Passion: noun pas·sion \ˈpa-shən\ : the state or capacity of being acted on by external agents or forces.

Tradition: noun tra·di·tion \trə-ˈdi-shən\ : the handing down of information, beliefs, and customs by word of mouth or by example from one generation to another without written instruction.

This year’s High Museum Wine Auction dinner is a collaboration with Banfi Vintners Wines and the Chefs of White Oak Kitchen and Cocktails. These two companies have deep rooted beliefs of how to pleasure the palate and overall guest satisfaction. Banfi has a long tradition of providing the best of wines all over the globe, and have a close family relationship of keeping themselves at the top of the best wine makers. Their passion for the perfect sip and the tradition of old world wines caught our Chef’s attention as they have similar attributes. The Chefs here at WOKC have stepped outside the borders of Italy to pair these delicious wines with cuisine of another family rooted with passion and tradition. We challenged ourselves to pair these wines with flavors of Southeast Asian and techniques of French and Spanish Cuisine, all the while using local and sustainable product grown and raised here in the South. We are excited to show you the diversity of these wines and the versatility of where you can travel with pairings. When you have a strong tradition and the will of rooted passion, you can bring families from different cultures together and see how well they really compliment each other. Please join White Oak Kitchen & Cocktails for a night of sharing.

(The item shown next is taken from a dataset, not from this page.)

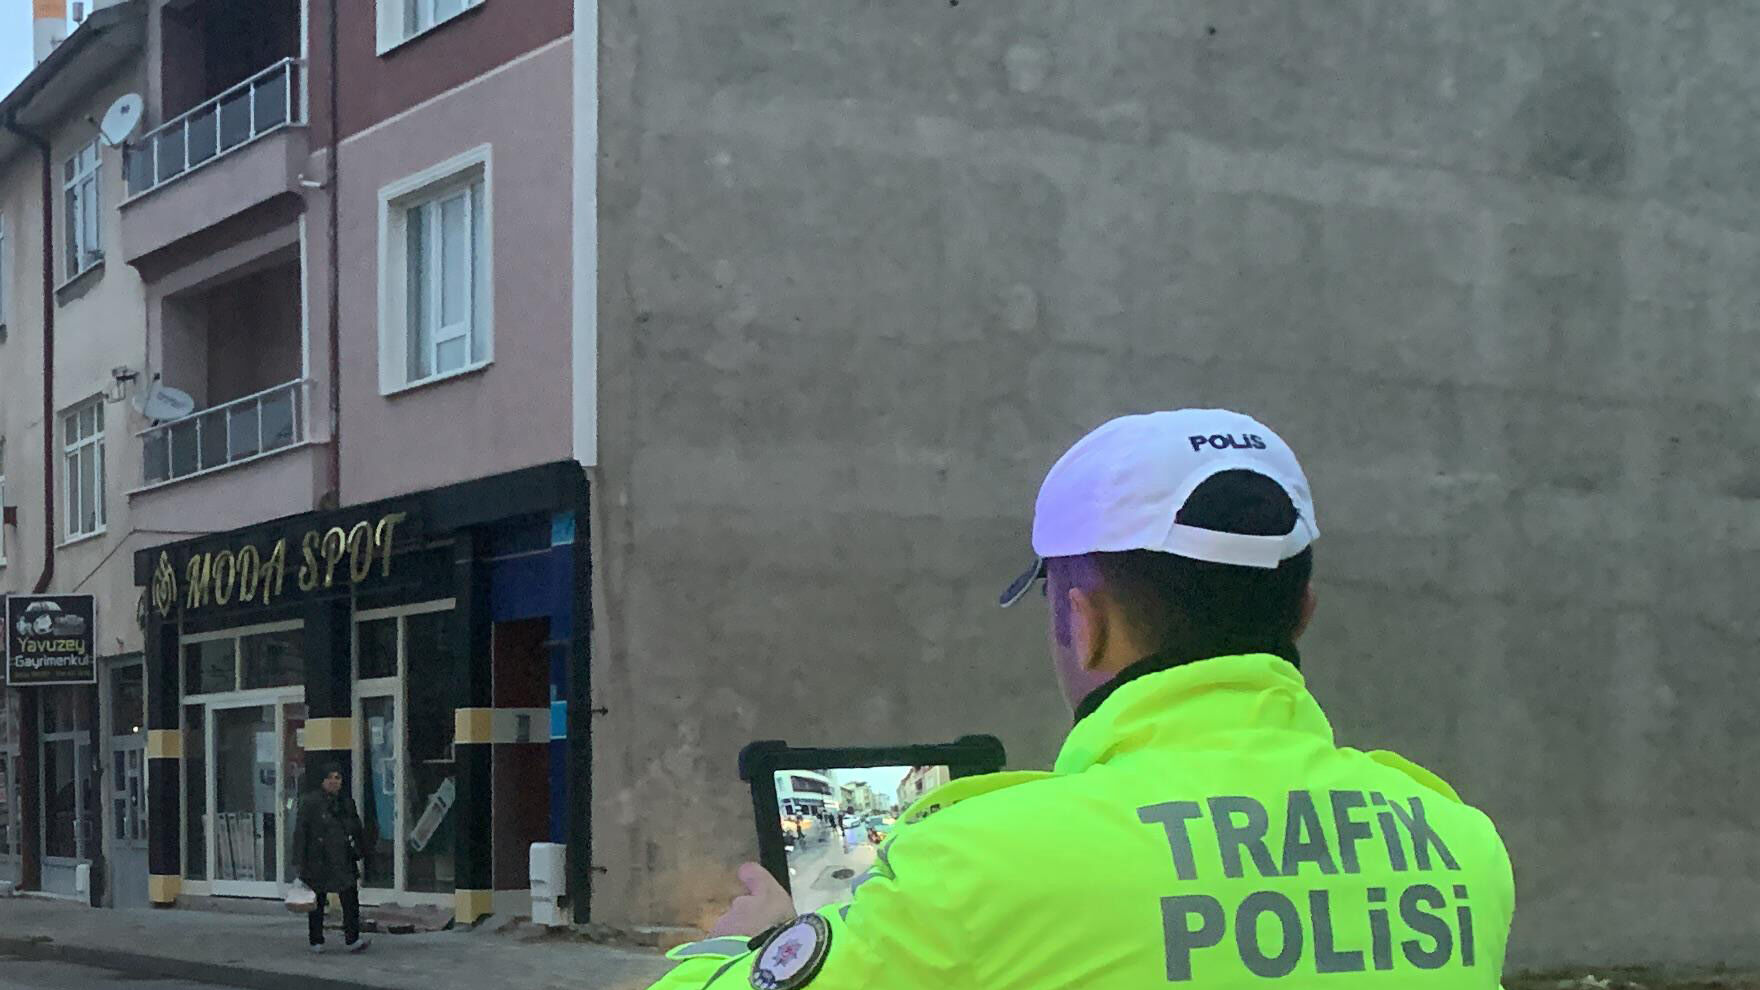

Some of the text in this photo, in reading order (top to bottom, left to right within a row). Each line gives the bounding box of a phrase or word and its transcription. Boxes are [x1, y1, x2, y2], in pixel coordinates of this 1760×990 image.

Banfi & Brews Five-Course Menu with Featured Wine & Beer Pairings

Join White Oak Kitchen & Cocktails on March 22nd to benefit the High Museum’s 25th Annual Wine Auction. The evening will begin with a Cocktail reception at 6:30 pm followed by a five-course dining experience crafted by Executive Chefs Todd Richards & Shane Devereux at 7 pm. Wine pairings will be presented by James Mariani of Banfi Wines. Beer pairings will be presented by John Roberts of Max Lager’s Wood-Fired Grill & Brewery.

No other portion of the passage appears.